Absorbing Discrete Diffusion for Speech Enhancement

TL;DR

To efficiently model the hierarchical structure of residual vector quantization codes, this work proposes RQDiT, which combines techniques from RQ-Transformer and diffusion Transformers for non-autoregressive modeling.

Abstract

Inspired by recent developments in neural speech coding and diffusion-based language modeling, we tackle speech enhancement by modeling the conditional distribution of clean speech codes given noisy speech codes using absorbing discrete diffusion. The proposed approach, which we call ADDSE, leverages both the expressive latent space of neural audio codecs and the non-autoregressive sampling procedure of diffusion models. To efficiently model the hierarchical structure of residual vector quantization codes, we propose RQDiT, which combines techniques from RQ-Transformer and diffusion Transformers for non-autoregressive modeling. Results show competitive performance in terms of non-intrusive objective metrics on two datasets, especially at low signal-to-noise ratios and with few sampling steps.
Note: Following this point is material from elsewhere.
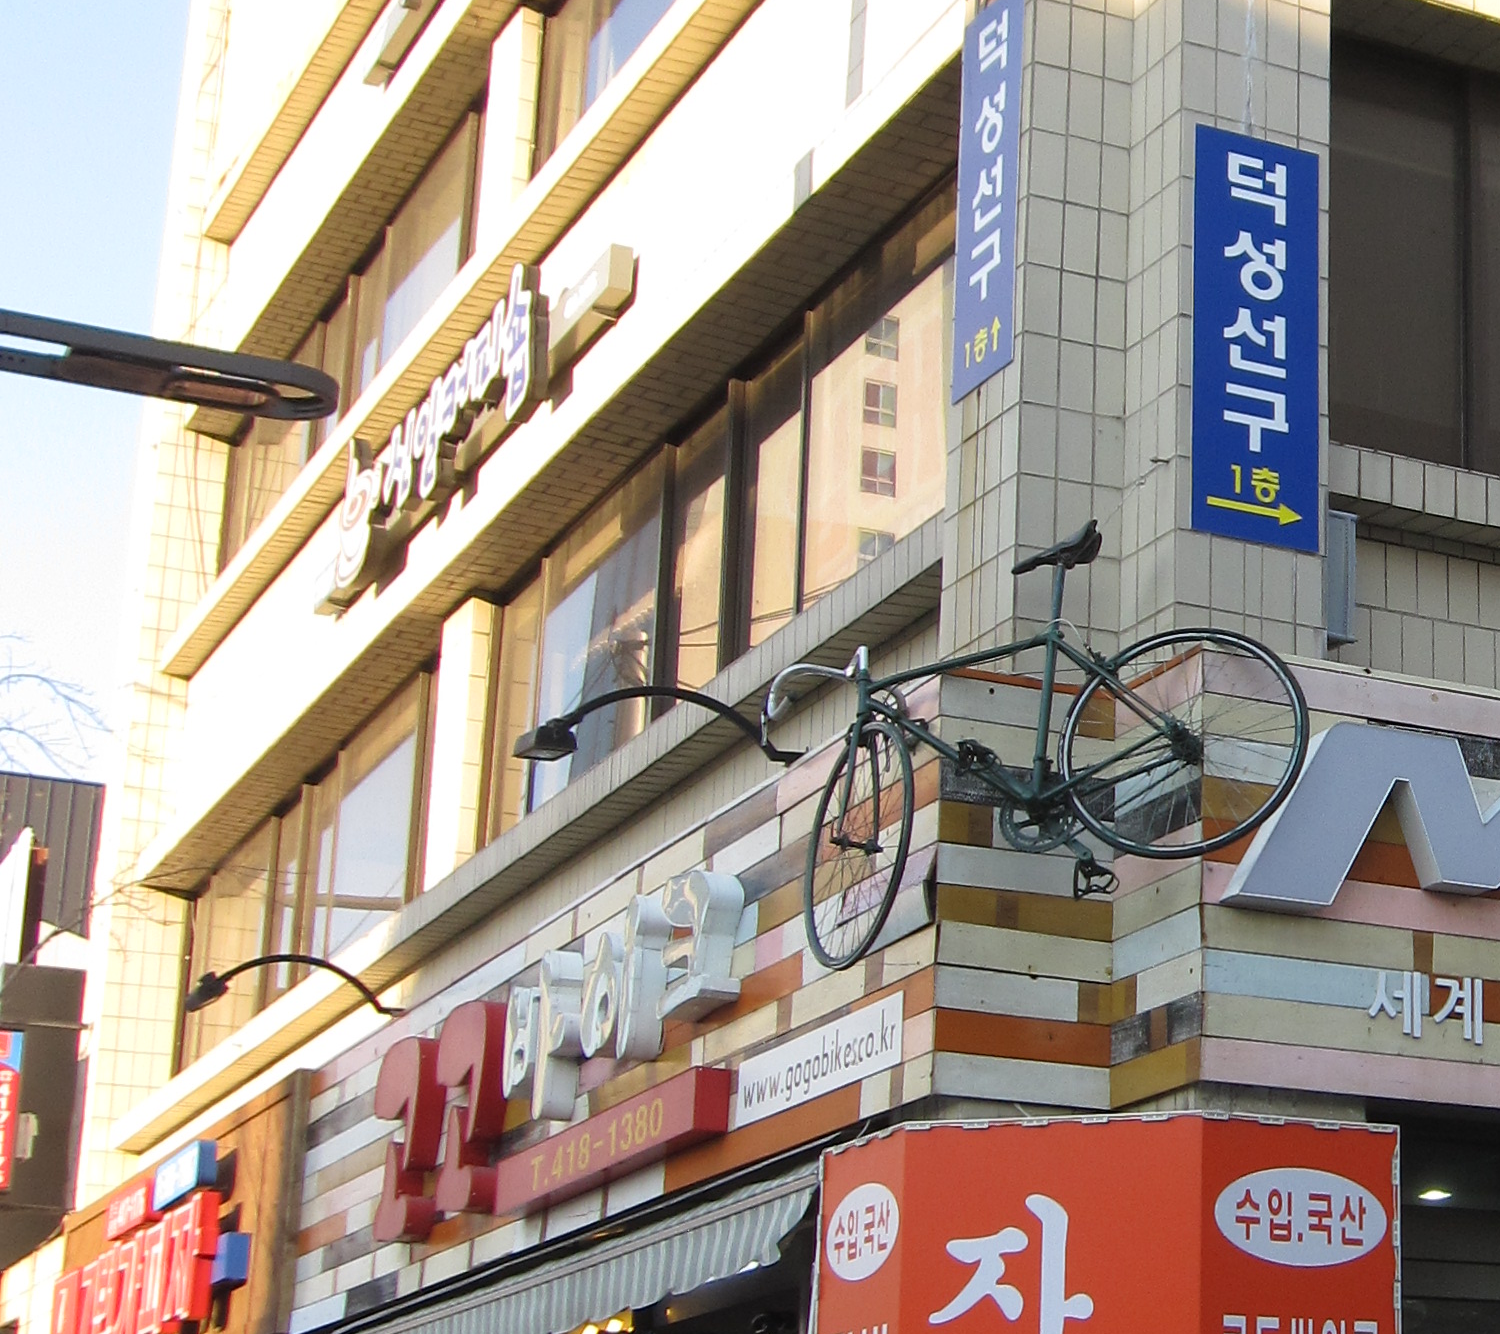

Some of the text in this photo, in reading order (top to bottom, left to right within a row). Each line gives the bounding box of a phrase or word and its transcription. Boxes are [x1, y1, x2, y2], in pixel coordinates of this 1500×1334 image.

Code and audio examples are available online.

Figures (4)

• Figure 1: Proposed ADDSE framework.
• Figure 2: RQDiT architecture. Two DiTs are applied along the NAC frame and depth dimensions, respectively.
• Figure 3: Top and middle rows: Non-intrusive metrics as a function of $N_\text{steps}$. Bottom left: Number of function evaluations as a function of $N_\text{steps}$. Bottom right: DCE on test data.
• Figure 4: Non-intrusive metrics as a function of input SNR.